Title: The lysine-rich intracellular loop and cell type-specific co-factors are required for IFITM3 antiviral immunity in hematopoietic stem cells Cord-id: ptw17s4i Document date: 2021_4_6
ID: ptw17s4i
Snippet: The interferon-induced transmembrane protein 3 (IFITM3) inhibits lentiviral gene therapy vector entry into hematopoietic stem cells and can be overcome by Cyclosporine H (CsH), but underlying mechanisms remain unclear. Here, we show that mutating the evolutionarily conserved lysines of the IFITM3 intracellular loop abolishes its antiviral activity without affecting either its localization or its degradation by CsH through non-canonical lysosomal pathways. When confined to the plasma membrane, th
Document: The interferon-induced transmembrane protein 3 (IFITM3) inhibits lentiviral gene therapy vector entry into hematopoietic stem cells and can be overcome by Cyclosporine H (CsH), but underlying mechanisms remain unclear.

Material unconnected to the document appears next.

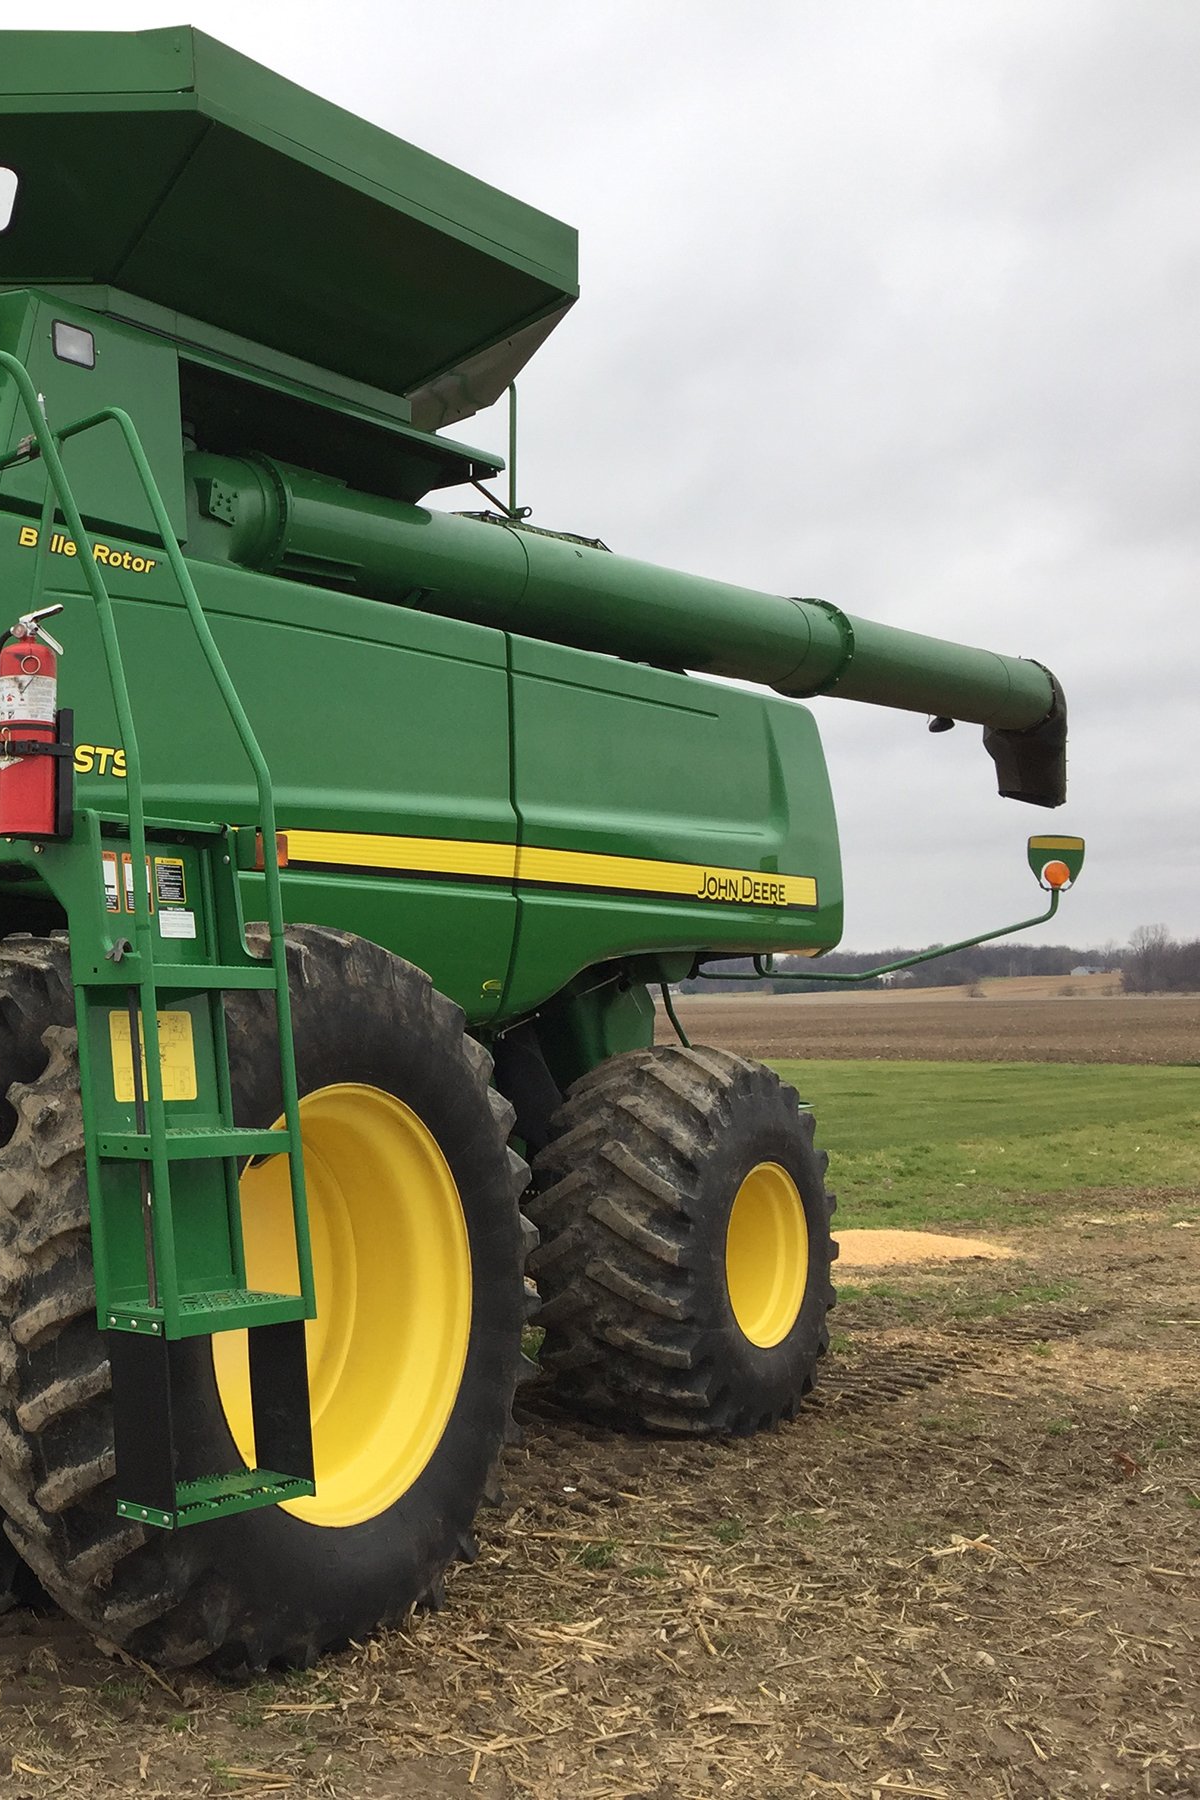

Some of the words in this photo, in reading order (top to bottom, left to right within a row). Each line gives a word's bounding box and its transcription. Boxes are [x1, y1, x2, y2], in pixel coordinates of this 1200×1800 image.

Here, we show that mutating the evolutionarily conserved lysines of the IFITM3 intracellular loop abolishes its antiviral activity without affecting either its localization or its degradation by CsH through non-canonical lysosomal pathways. When confined to the plasma membrane, the lysine-competent IFITM3 lost restriction against VSV-G pseudotyped viral vectors but gained antiviral activity against vectors that fuse directly at the plasma membrane. Interestingly, altering the lysines did not alter IFITM3 homodimerization but impacted higher-order protein complex formation, suggesting loss of interaction with cellular co-factors. In agreement, IFITM3 expression was not sufficient to restrict viral vectors in myeloid K562 cells as opposed to promonocytic THP1 or primary HSC. We exclude the involvement of previously identified factors affecting IFITM3 biology and propose a novel model for IFITM3 restriction that depends on the presence of cellular co-factor(s) that may interact with IFITM3 through the intracellular loop lysine residues. Overall, our work provides significant insight into the mechanisms of action of IFITM3 and CsH that can be exploited for improved gene therapies and broadly acting antiviral strategies.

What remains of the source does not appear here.